Em seu poema “A morte do
leiteiro”, Carlos Drummond de Andrade relata a morte equivocada de um leiteiro, confundido com um ladrão ao entrar na casa de um de seus clientes. Existe,
nessa poesia, um caso muito empregado por professores de língua portuguesa para
exemplificarem uma oração subordinada substantiva apositiva, separada por
vírgula da oração principal: “Há no país uma legenda, que ladrão se mata com
tiro”.
O
poeta relata o trajeto de um homem do campo que leva “o leite bom para gente
ruim” na cidade. Acorda “cedinho” e, após rude atividade, ultrapassa o limite
entre a zona rural e a urbana distribuindo garrafas.
A figura do leiteiro desapareceu da cidade
porque quase não há espaço para o trabalho artesanal no campo do agrobusiness. A própria figura do homem
do campo não é mais a mesma nos últimos anos, mas a figura do ex-integrante do
campo constitui maioria no espaço urbano hoje porque todos têm um parentesco
com aqueles que, um dia, executaram o trabalho pesado do campo.

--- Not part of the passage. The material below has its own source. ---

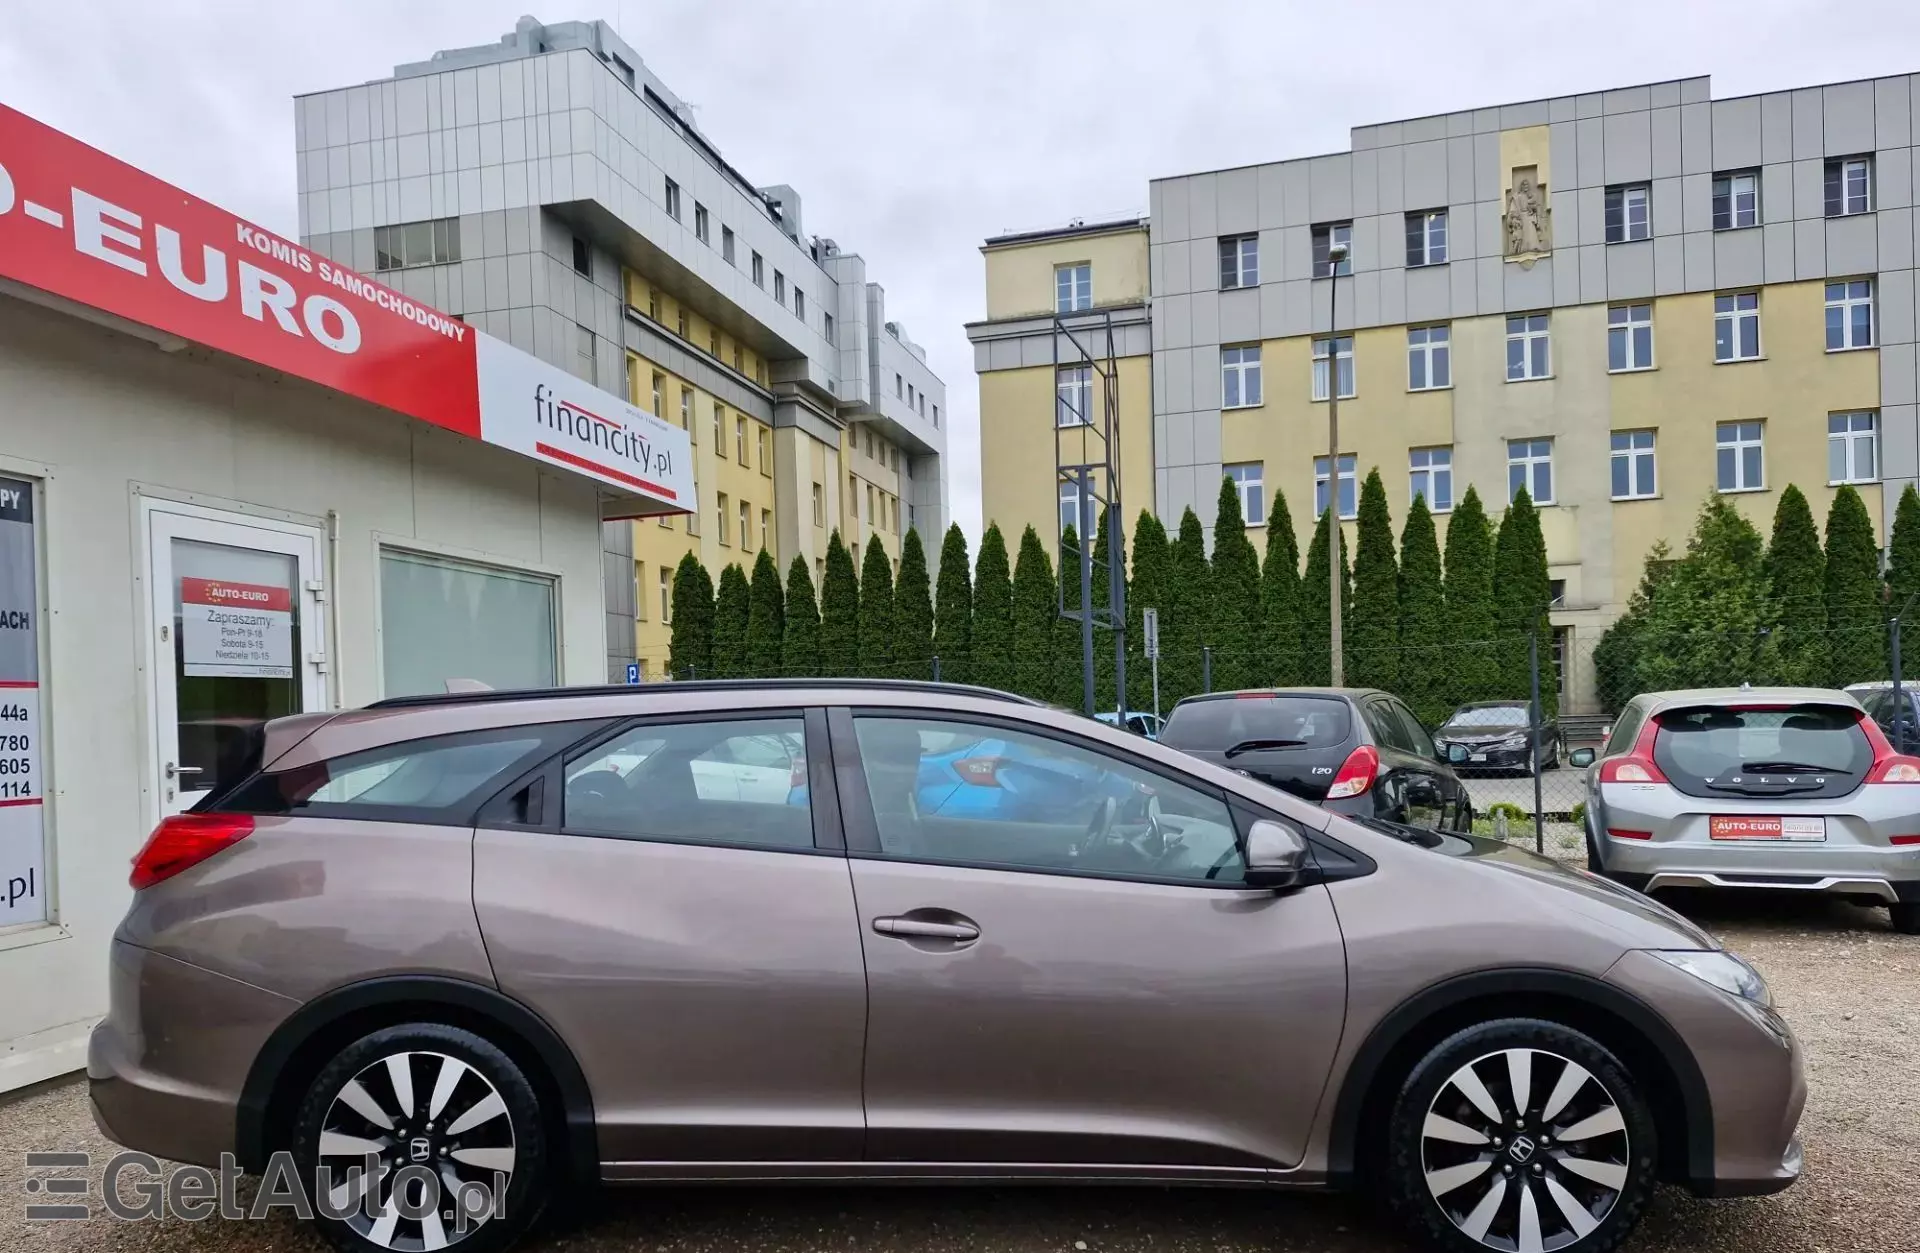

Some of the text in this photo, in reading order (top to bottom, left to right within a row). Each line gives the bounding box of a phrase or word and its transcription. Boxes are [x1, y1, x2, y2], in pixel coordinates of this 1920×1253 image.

Se não pegaram
“no cabo do guatambu” para a carpirem o roçado, tiveram muito trabalho com a
“criação”, jargão caipira que designa animais com finalidade de produção de
alimentos.
Não
só a figura do leiteiro desapareceu das ruas da cidade, mas, nesse processo de
modernização, caiu também a figura de outros ambulantes, como a do padeiro e a
do bucheiro, que vendia miúdos bovinos e suínos e, tocando uma buzina sobre a charrete, avisava
à freguesia que estava passando.
Todos eles foram eliminados pela
vigilância sanitária, que passou a ditar padrões de higiene aos meios de
cultivo de alimentos. Hoje, não somente o leite deve ser pasteurizado, mas
também a carne deve conter o carimbo do órgão público que a controla como
comível ou não. Os produtos da horta e da granja também não escapam de suas
inspeções.
Certamente
a população da cidade ganhou com isso, e a população do campo que migrou para a
cidade também, já que passou a ingerir produtos com mais controle e qualidade
quando não estão intoxicados por excessos de hormônios e defensivos agrícolas,
para não dizermos “veneno”.
Algo,
porém, ficou no campo, e esse é o motivo pelo qual todos migrantes têm imensa
nostalgia da roça: a honestidade da maioria dos homens que sabiam o valor de
cada minuto de trabalho. Quando se fala nos tempos de moradia do campo, muitos
brilham os olhos não pela saudade de acordar às quatro da manhã, mas pela
simplicidade de uma vida ainda constituída de valores predominantemente
positivos e tradições vinculadas a alegrias e tristeza em cada momento para ser
alegre ou triste.
Nos noticiários, quando se abordam assuntos
ligados a grandes quantias de dinheiro desviadas por golpistas de todas as
correntes, recomendamos mais Carlos
Drummond de Andrade para combater a ignorância dos cegos materialistas e se resgate um pouco da dignidade de seus antepassados.